El 24 de marzo, buscando dicha popularidad, Beria envió un documento al Presidium abogando por una amplia amnistía. En el documento cifraba en 2.526.402 personas los habitantes de los campos de concentración, de los que confesaba, ahora, que sólo 221.435 eran realmente peligrosos. Afirmó, por lo tanto, con total desparpajo, que la institución policial que él mismo llevaba años comandando había metido a 2,3 millones de soviéticos en el maco porque le había salido de los cojones. El 27 de marzo, el Presidium puso la firma en un decreto que liberaba a todos los inquilinos de los campos que estuviesen cumpliendo sentencias de cinco años o menos, mujeres con hijos de menos de diez años, embarazadas, y jóvenes de menos de 18 años. Eso hacía aproximadamente un millón de reclusos. En lo general, a los que se quedaron se les permitieron cosas como leer, escribir y recibir visitas.

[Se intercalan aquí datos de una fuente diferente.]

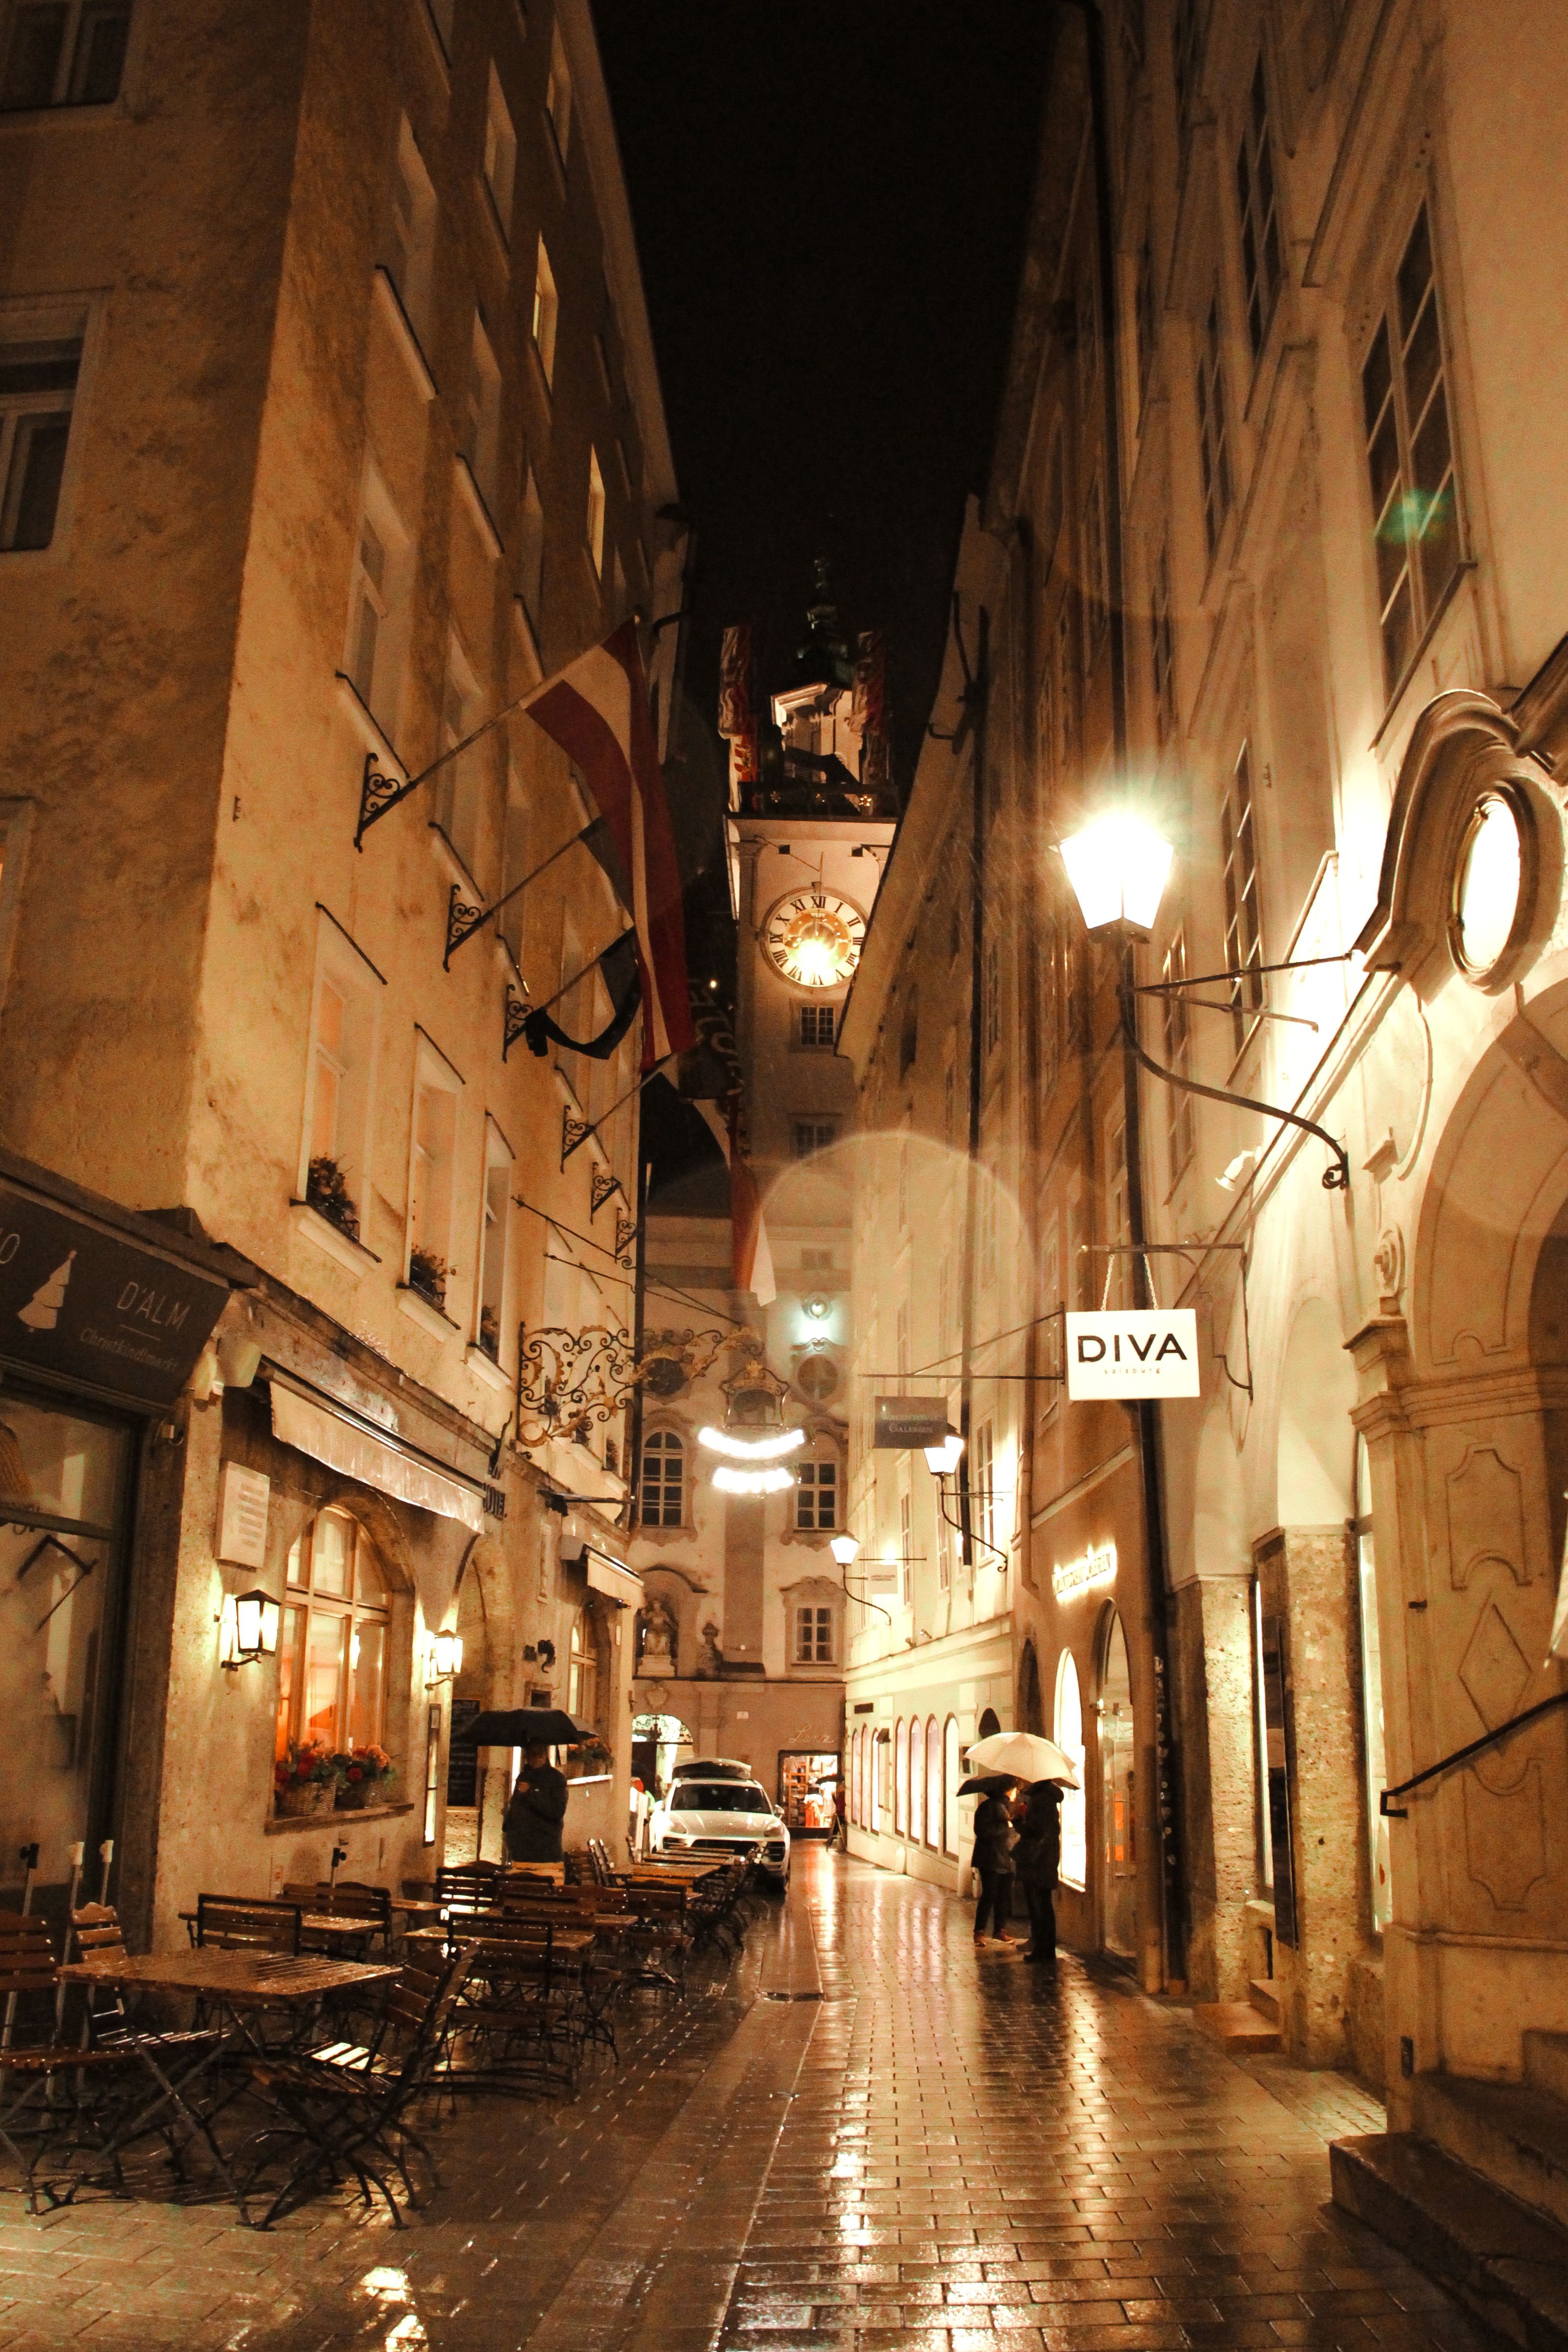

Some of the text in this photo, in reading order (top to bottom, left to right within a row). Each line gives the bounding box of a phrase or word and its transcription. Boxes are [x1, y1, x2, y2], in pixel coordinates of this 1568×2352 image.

Obviamente, la medida más clara frente al público, anunciada el 4 de abril, fue la reversión del caso de los médicos asesinos. Fue la MVD quien dio la noticia en una nota; Beria quería que quedara bien claro que era él quien estaba colocando las cosas en su sitio. El primer viceprimer ministro comenzó a hablar de cambiar la legislación para proteger a la persona en los procesos (que hay que tener un papo de dos toneladas, la verdad) y tomó medidas muy efectivas para tratar de que la URSS fuese un país más o menos normal en el que no se viesen retratos de los mandatarios en cualquier esquina, y esas cosas. Cada vez más se hablaba del liderazgo colectivo, y el paseo de retratos de los líderes en las manifas se prohibió (aunque la prohibición duró poco).

En el ámbito internacional, Beria se convirtió dentro del gobierno soviético en el defensor de una tregua en Corea; de hecho, el 2 de abril las negociaciones de un armisticio comenzaron de nuevo. El 25 de abril, Pravda editorializó con palabras bastante positivas sobre un discurso del presidente Eisenhower.

El 26 de abril, Pravda informó de que los ministros habían recibido la potestad de decidir el uso de los fondos de sus ministerios por sí mismos y a decidir sobre cuestiones bajo su control sin tener que consultar con otros. En otras palabras, Partido y Gobierno quedaban desenganchados.

1 comentario:

  1. Hay muchos que piensan que Beria hubiera sido un reformador más radical que Khruschev (Sobre todo porque está bastante claro que pensaba que el montaje del Leninismo era una carallada) Lo cual no hubiera traído una URSS democrática, por supuesto, como mucho algo parecido al tinglado de Xi Jinping en china.